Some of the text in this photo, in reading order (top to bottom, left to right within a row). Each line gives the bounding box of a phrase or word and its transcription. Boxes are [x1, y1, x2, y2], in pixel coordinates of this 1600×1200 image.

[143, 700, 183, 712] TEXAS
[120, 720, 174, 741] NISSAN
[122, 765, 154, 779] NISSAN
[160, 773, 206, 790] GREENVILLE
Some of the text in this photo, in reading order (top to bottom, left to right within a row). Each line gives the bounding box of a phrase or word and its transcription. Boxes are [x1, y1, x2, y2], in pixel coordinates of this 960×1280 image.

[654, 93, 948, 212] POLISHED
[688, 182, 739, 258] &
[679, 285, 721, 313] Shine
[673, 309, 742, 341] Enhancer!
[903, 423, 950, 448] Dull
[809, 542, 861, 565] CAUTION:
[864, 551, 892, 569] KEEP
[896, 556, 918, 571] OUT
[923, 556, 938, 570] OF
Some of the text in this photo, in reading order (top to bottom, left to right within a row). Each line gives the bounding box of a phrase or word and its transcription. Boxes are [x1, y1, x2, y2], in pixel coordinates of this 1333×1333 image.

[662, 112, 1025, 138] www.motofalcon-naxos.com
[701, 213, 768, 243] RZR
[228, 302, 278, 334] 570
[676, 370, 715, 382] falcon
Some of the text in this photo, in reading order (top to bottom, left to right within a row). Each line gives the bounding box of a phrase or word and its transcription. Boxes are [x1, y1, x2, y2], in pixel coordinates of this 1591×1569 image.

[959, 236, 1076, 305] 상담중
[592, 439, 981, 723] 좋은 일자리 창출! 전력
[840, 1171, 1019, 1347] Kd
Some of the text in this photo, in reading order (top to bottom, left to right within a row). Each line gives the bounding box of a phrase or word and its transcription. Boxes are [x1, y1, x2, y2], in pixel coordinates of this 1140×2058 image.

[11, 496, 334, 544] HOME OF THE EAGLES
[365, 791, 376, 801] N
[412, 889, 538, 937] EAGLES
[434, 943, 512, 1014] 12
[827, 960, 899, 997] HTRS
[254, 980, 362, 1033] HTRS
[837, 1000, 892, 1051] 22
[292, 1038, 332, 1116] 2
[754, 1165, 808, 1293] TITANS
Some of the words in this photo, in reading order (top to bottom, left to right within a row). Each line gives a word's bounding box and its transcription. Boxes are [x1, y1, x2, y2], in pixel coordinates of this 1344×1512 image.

--------------------

ASSIGNMENT: Repeat the data. Keep every word the same.

TASK OUTPUT:
Some of the text in this photo, in reading order (top to bottom, left to right within a row). Each line gives the bounding box of a phrase or word and its transcription. Boxes are [x1, y1, x2, y2], in pixel coordinates of this 1600×1200 image.

[143, 700, 183, 712] TEXAS
[120, 720, 174, 741] NISSAN
[122, 765, 154, 779] NISSAN
[160, 773, 206, 790] GREENVILLE
Some of the text in this photo, in reading order (top to bottom, left to right within a row). Each line gives the bounding box of a phrase or word and its transcription. Boxes are [x1, y1, x2, y2], in pixel coordinates of this 960×1280 image.

[654, 93, 948, 212] POLISHED
[688, 182, 739, 258] &
[679, 285, 721, 313] Shine
[673, 309, 742, 341] Enhancer!
[903, 423, 950, 448] Dull
[809, 542, 861, 565] CAUTION:
[864, 551, 892, 569] KEEP
[896, 556, 918, 571] OUT
[923, 556, 938, 570] OF
Some of the text in this photo, in reading order (top to bottom, left to right within a row). Each line gives the bounding box of a phrase or word and its transcription. Boxes are [x1, y1, x2, y2], in pixel coordinates of this 1333×1333 image.

[662, 112, 1025, 138] www.motofalcon-naxos.com
[701, 213, 768, 243] RZR
[228, 302, 278, 334] 570
[676, 370, 715, 382] falcon
Some of the text in this photo, in reading order (top to bottom, left to right within a row). Each line gives the bounding box of a phrase or word and its transcription. Boxes are [x1, y1, x2, y2], in pixel coordinates of this 1591×1569 image.

[959, 236, 1076, 305] 상담중
[592, 439, 981, 723] 좋은 일자리 창출! 전력
[840, 1171, 1019, 1347] Kd
Some of the text in this photo, in reading order (top to bottom, left to right within a row). Each line gives the bounding box of a phrase or word and its transcription. Boxes are [x1, y1, x2, y2], in pixel coordinates of this 1140×2058 image.

[11, 496, 334, 544] HOME OF THE EAGLES
[365, 791, 376, 801] N
[412, 889, 538, 937] EAGLES
[434, 943, 512, 1014] 12
[827, 960, 899, 997] HTRS
[254, 980, 362, 1033] HTRS
[837, 1000, 892, 1051] 22
[292, 1038, 332, 1116] 2
[754, 1165, 808, 1293] TITANS
Some of the words in this photo, in reading order (top to bottom, left to right within a row). Each line gives a word's bounding box and its transcription. Boxes are [x1, y1, x2, y2], in pixel coordinates of this 1344×1512 image.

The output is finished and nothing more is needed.